Recently I watched a movie whose name I’ve forgotten. Duncan will know what it was. The movie was about… I’m not sure, maybe something about independence, and I think the plot involved a funeral. I could probably piece it together and translate it into words if I thought about it for a while. But mostly I remember that there were chickens in a bus at the end, and a lot of green, and somebody killed a deer while wearing mud on their face, and a pretty red-haird girl reading a Brian Green book that was white, and there were really a lot of green plants, and a scary hospital beeping, and “Let’s go shoppiiiiiiingggg!”, and guitar music, and the guy shaved, and the dumb kids whose parents lied to them had to take showers. Just for a start.

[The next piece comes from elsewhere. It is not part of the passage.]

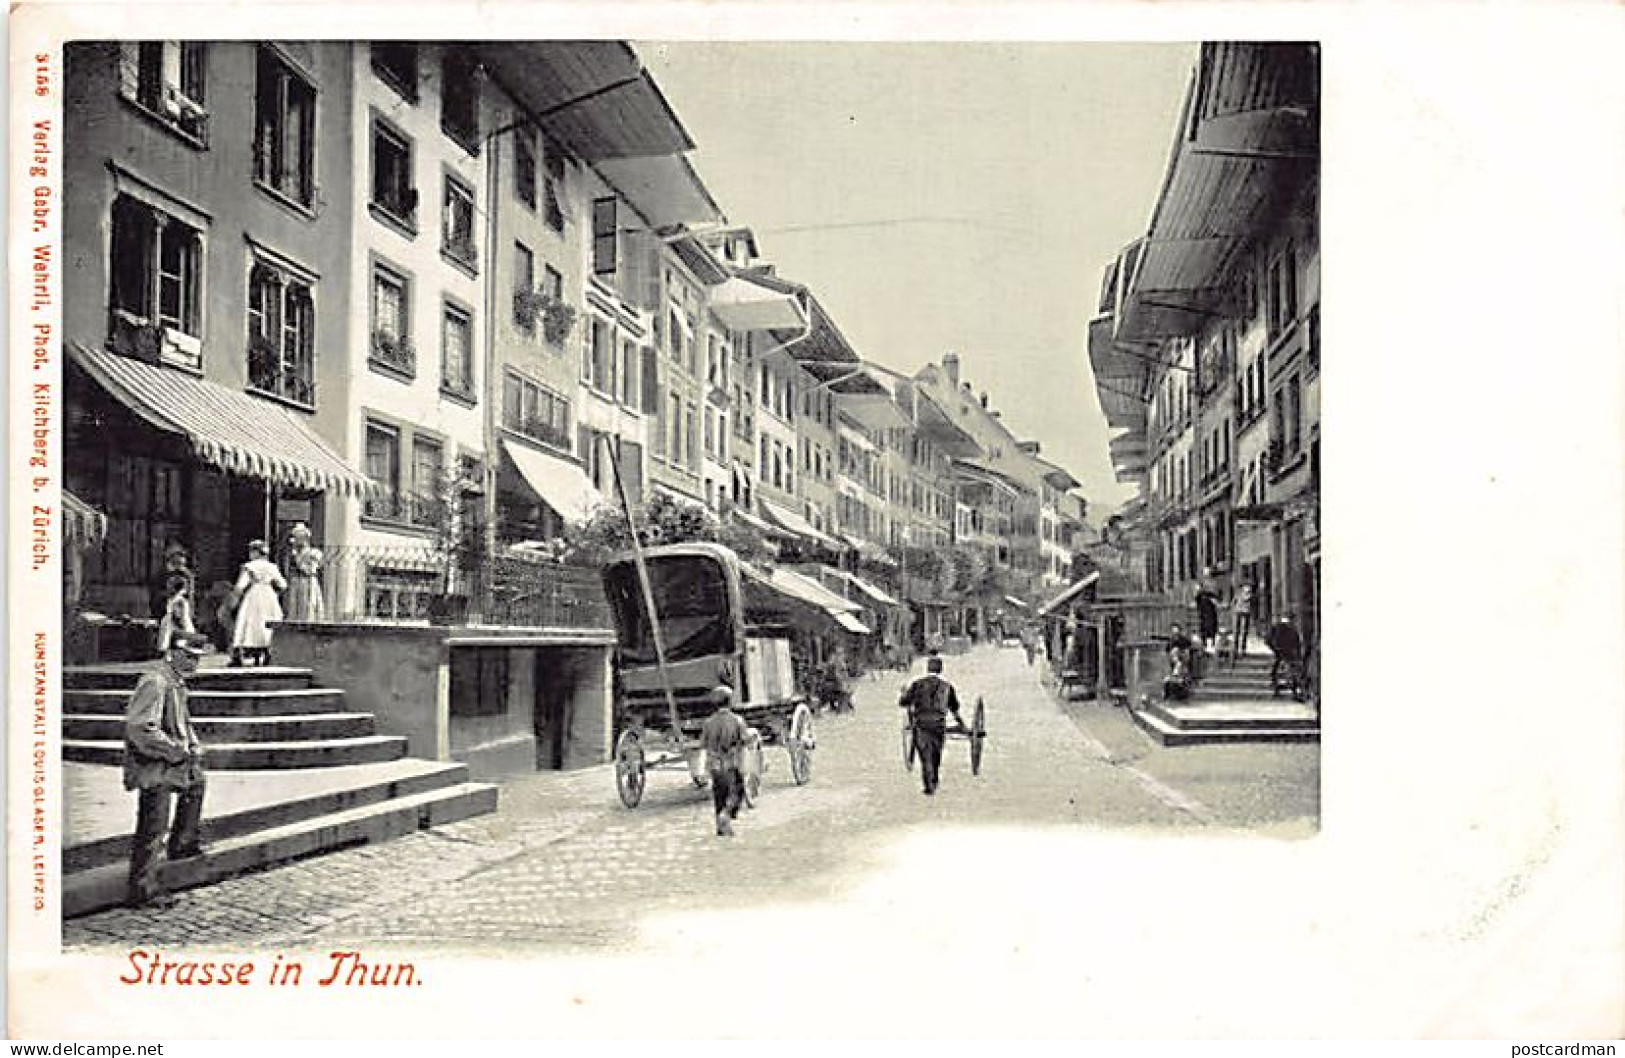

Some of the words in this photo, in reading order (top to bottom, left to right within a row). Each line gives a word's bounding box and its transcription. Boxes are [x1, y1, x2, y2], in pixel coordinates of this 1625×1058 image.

But even though I can tell you details about the chickens a lot more easily than I can tell you about the plot (the chickens were white, and the eggs were tan, and the chickens made certain sounds I could imitate for you if you could hear my voice, and there were at least two of them, and I can describe the camera angle, and the clothes of the kids who were taking their eggs, and so forth), the overall large artistic message of the film had an enduring impact on me. I think slightly different kinds of thoughts now that I did before I saw it. I could probably approximately characterize the differences for you in words if I worked at it, but the fact that I would have to work at it, and that I wouldn’t be perfectly satisfied with the result, doesn’t change the fact that it meant something to me and I probably even understood the movie as a whole, in the sense that it had a (probably intended) impact on my thoughts and feelings and behaviors long after it was over, one that I continue to dialogue with and weigh and integrate.
I’m not sure what my point is here. I’m just saying things that apparently I wanted to say after reading your comment. I hope you like some of them.
(Captain Fantastic)
I think, for me, memory is not necessary for observation, but it is necessary for that observation to… go anywhere, become part of my overall world model, interact with other observations, become something I know?
and words help me stick a thing in my memory, because my memory for words is much better than my memory for e.g. visuals.
I guess that means the enduring world maps I carry around in my head are largely made of words, which lowers their fidelity compared to if I could carry around full visual data? But heightens their fidelity compared to when I don’t convert my observations into words—in that case they kind of dissolve into a vague cloud
...oh but my memory/models/maps about music are not much mediated by words, I think, because my music memory is no worse than my verbal memory. are my music maps better than my everything-else maps? not sure maybe!